Sodium or salt is a vital nutrient and is necessary for the body to function, but our average daily consumption exceeds the maximum recommendation.

The Sodium Reduction Strategy for Canada was released in 2010. It recommended a number of strategies designed to reduce the current average daily intake of sodium from 3400mg to 2300mg by 2016 on an interim basis. The useful strategies recommended, are not being utilized due to a lack of willingness on the part of Industry to implement the recommendations of the Sodium Reduction Strategy Work Group. So in May of this year, NDP Member of Parliament, Libby Davies, seeing the importance of the recommendations as a way to improve overall health of Canadians, made an unsuccessful attempt via a private member’s bill, C-460, to establish as a Canadian standard, the lower daily salt intake level of 2300mg, moving from 3400mg. This new lower level would have required tremendous retooling and significant changes by processed food manufacturers, so they lobbied hard and defeated the bill through support from the governing Conservatives in Ottawa.

A Toronto based group Advocates for Black Health Improvement, which includes Food and Nutrition Consultant, Vida Stevens, tried to influence the decision in Ottawa by indicating that there is a need to go even lower with the daily recommended sodium level to 1500mg for Black individuals. They recognized that in Canada we do not have race based health data, however the United Kingdom have specific recommendation for the Black community. Also, the US Institute of Medicine, whose expertise is used for many of Canada’s nutrition-related laws and policy, recommends 1500mg as daily average intake of sodium for persons older than 51 years, and those of any age who are of Black African descent.

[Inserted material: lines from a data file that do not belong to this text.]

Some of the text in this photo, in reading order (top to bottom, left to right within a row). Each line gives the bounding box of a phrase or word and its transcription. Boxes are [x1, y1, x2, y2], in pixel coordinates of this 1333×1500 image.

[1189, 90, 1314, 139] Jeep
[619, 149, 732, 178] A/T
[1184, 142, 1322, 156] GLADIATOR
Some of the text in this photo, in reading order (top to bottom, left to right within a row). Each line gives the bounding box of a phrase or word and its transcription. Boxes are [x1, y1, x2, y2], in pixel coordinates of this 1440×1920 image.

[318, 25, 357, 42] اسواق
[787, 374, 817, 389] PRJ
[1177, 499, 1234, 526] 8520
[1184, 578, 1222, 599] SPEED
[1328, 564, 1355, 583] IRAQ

Further support for the lower recommended daily salt level for Black individuals, comes from the American Heart Association. In a statement released in May, The American Heart Association stated that they meticulously reviewed scientific research and recommends that all Americans eat no more than 1500mg a day of sodium. Current average sodium consumption in the United States for people age two and up is more than 3400 mg a day. A majority of the sodium Americans eat is in the form of salt that is added to processed foods and restaurant foods which makes it difficult for consumers to choose and control how much sodium they consume.

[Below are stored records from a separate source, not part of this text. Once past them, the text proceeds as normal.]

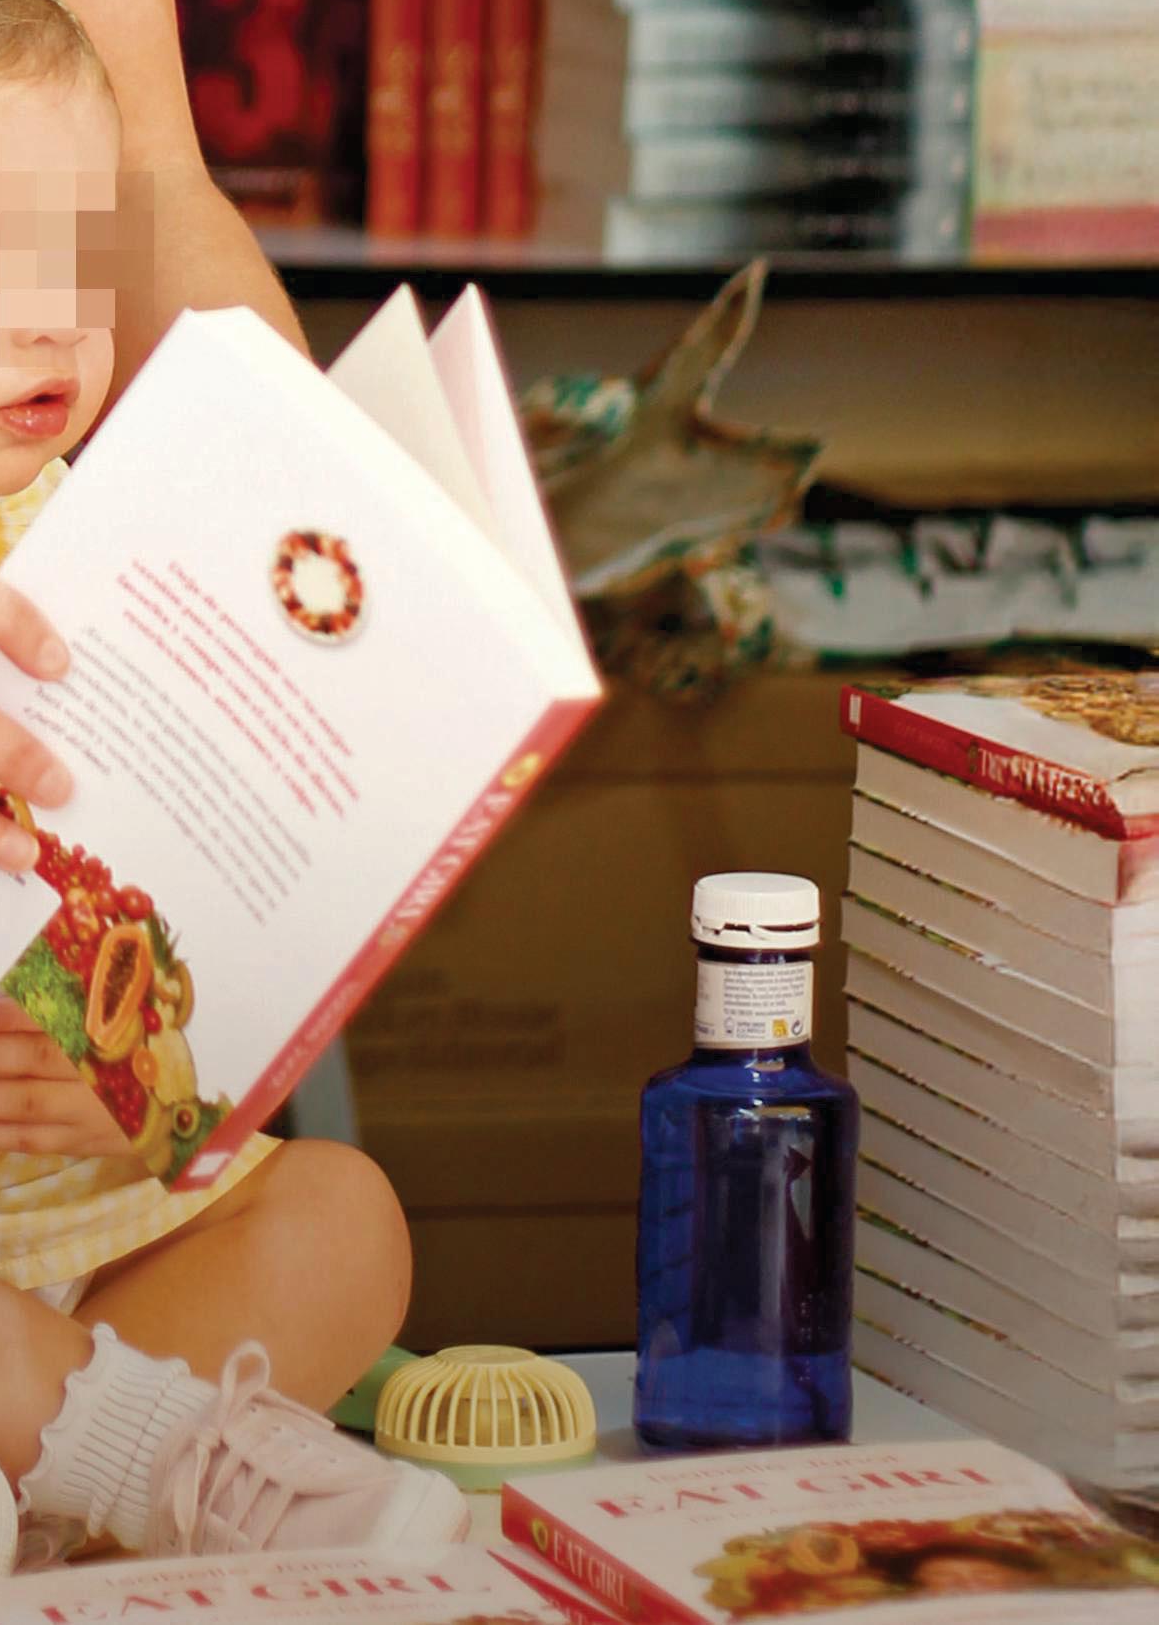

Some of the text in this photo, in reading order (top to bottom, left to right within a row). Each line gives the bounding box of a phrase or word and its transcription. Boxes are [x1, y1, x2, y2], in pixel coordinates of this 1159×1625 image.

[595, 1483, 770, 1518] EAT
[796, 1467, 1020, 1494] GIRL
[553, 1529, 626, 1608] EAT GIRL
[42, 1586, 224, 1624] EAT
[251, 1574, 492, 1600] GIRL

Here in Canada, it is clearly established that high salt content of our diet is causing many of the health problems we face as a community. We are seeing too many heart attacks, too many strokes, too many people on dialysis with damaged kidneys, we see an increased prevalence of stomach cancer, and the list goes on and on, all ailments related to too much salt being consumed.

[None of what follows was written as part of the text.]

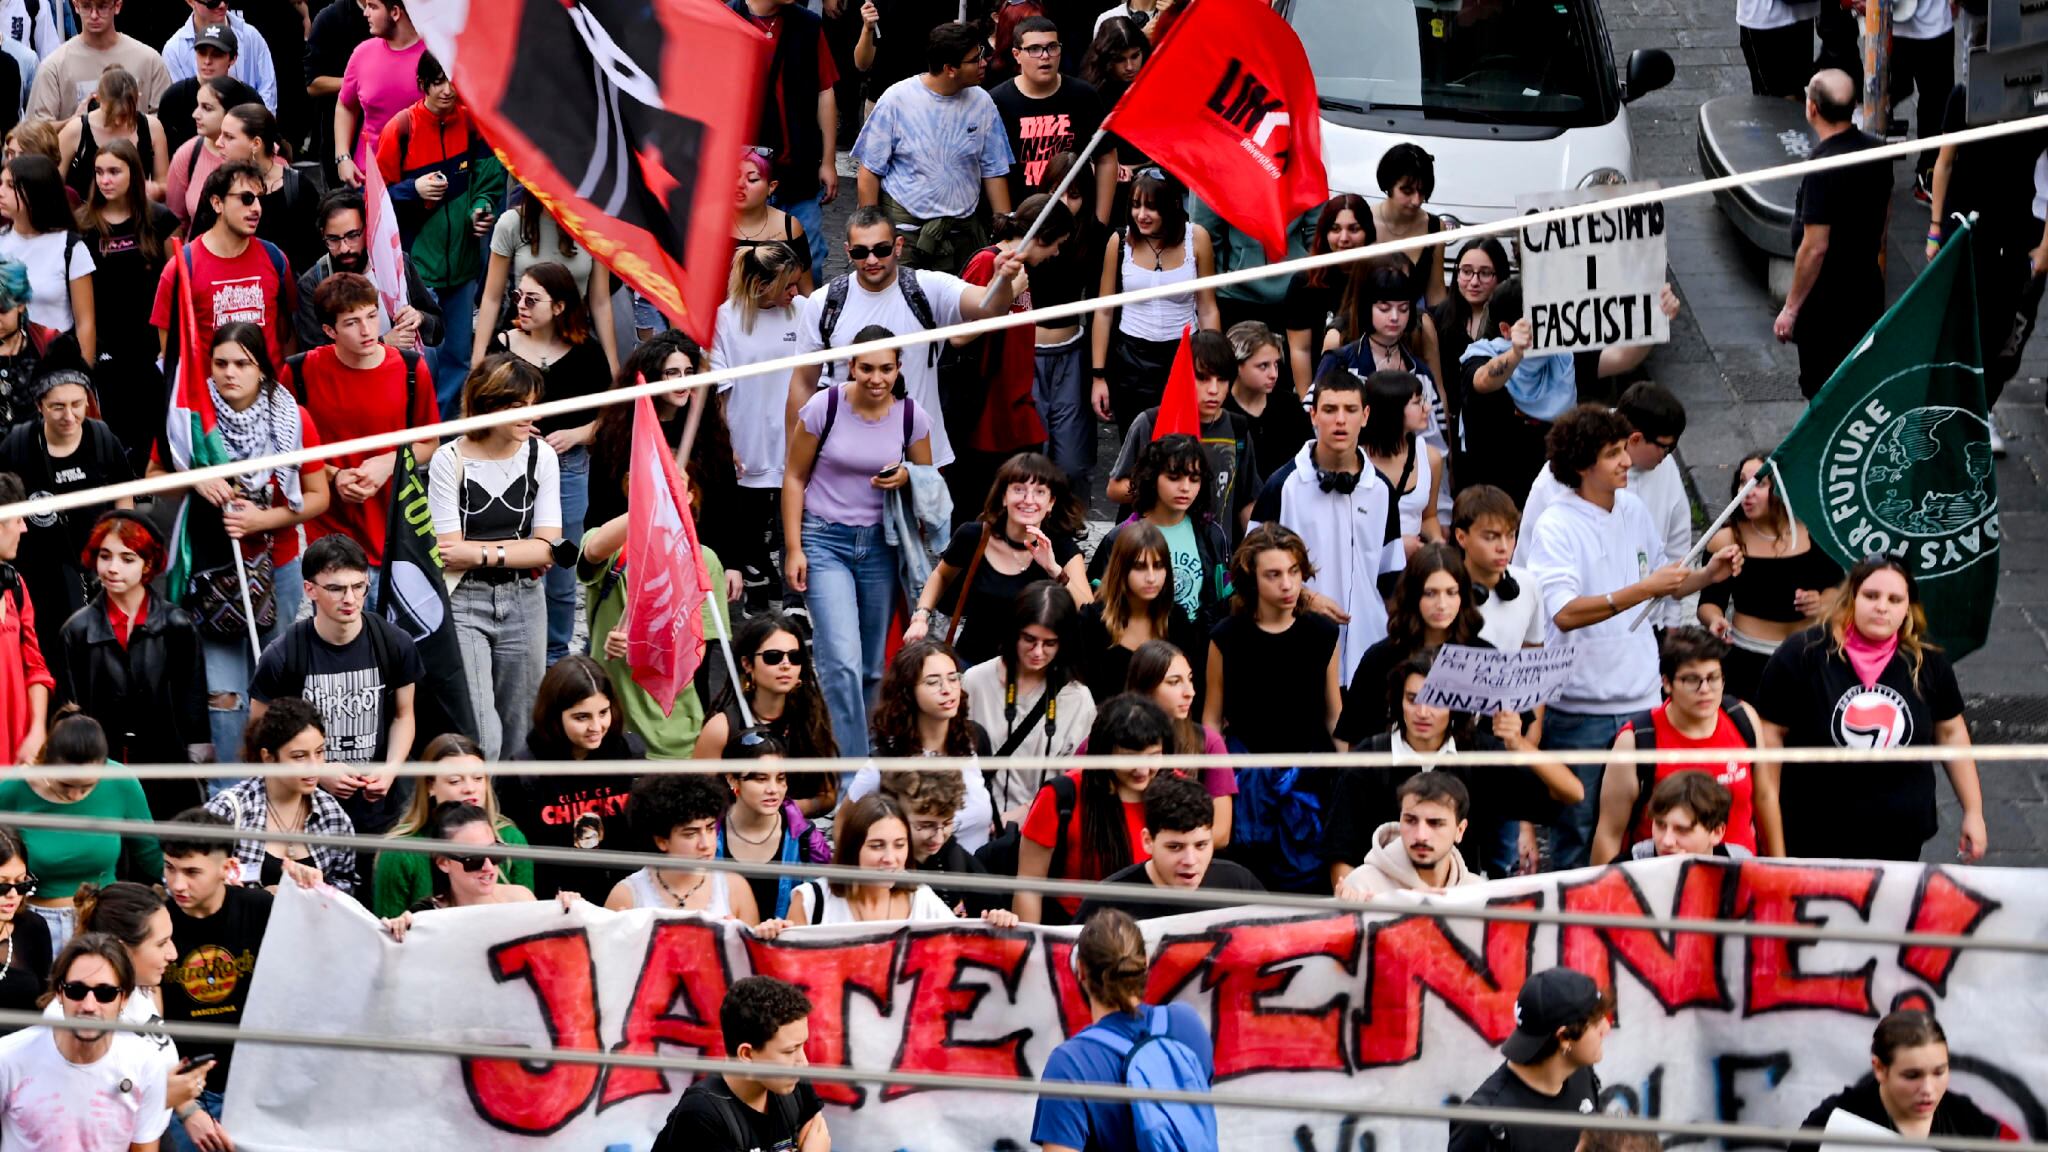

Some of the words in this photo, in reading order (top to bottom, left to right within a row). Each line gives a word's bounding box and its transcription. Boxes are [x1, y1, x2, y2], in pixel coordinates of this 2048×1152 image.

[1587, 255, 1596, 290] I
[1531, 294, 1652, 350] FASCISTI
[1829, 398, 1892, 524] FUTURE
[542, 793, 630, 825] CHUCKY

Let us challenge our processed food manufacturers to reduce the salt content of their products. Spend your money on low sodium alternatives. Also watch the sodium levels in our tinned vegetarian products. Talk to the restaurants that you visit to pick up your oxtail, jerk chicken or curry goat. Let restaurant owners know your continued patronage is based on them reducing the amount of salt they put in the food they are supplying to our community. You taste some of these cooked meals and you can feel the “zing” from the high quantity of salt they use. These Caribbean and African restaurants have a responsibility to provide us with low salt content tasty food. If this is not the situation, refuse to purchase food from them until they change.

The individuals running for political office need to put health care of the Black community on their agenda, particularly the unique approach that is needed for different ethnic groups. We know that different ethnicities have different susceptibilities and propensities for certain diseases, and this is so for the Black community. It should be obvious to our political decision makers that the “one size fits all” approach, which we now have, cannot work. We desperately need a diversity approach to health care in this diverse and multicultural country of Canada.

While we wait for the politicians to get up to speed, take your health into your own hands and reduce your salt intake starting now…..just do it…please !!!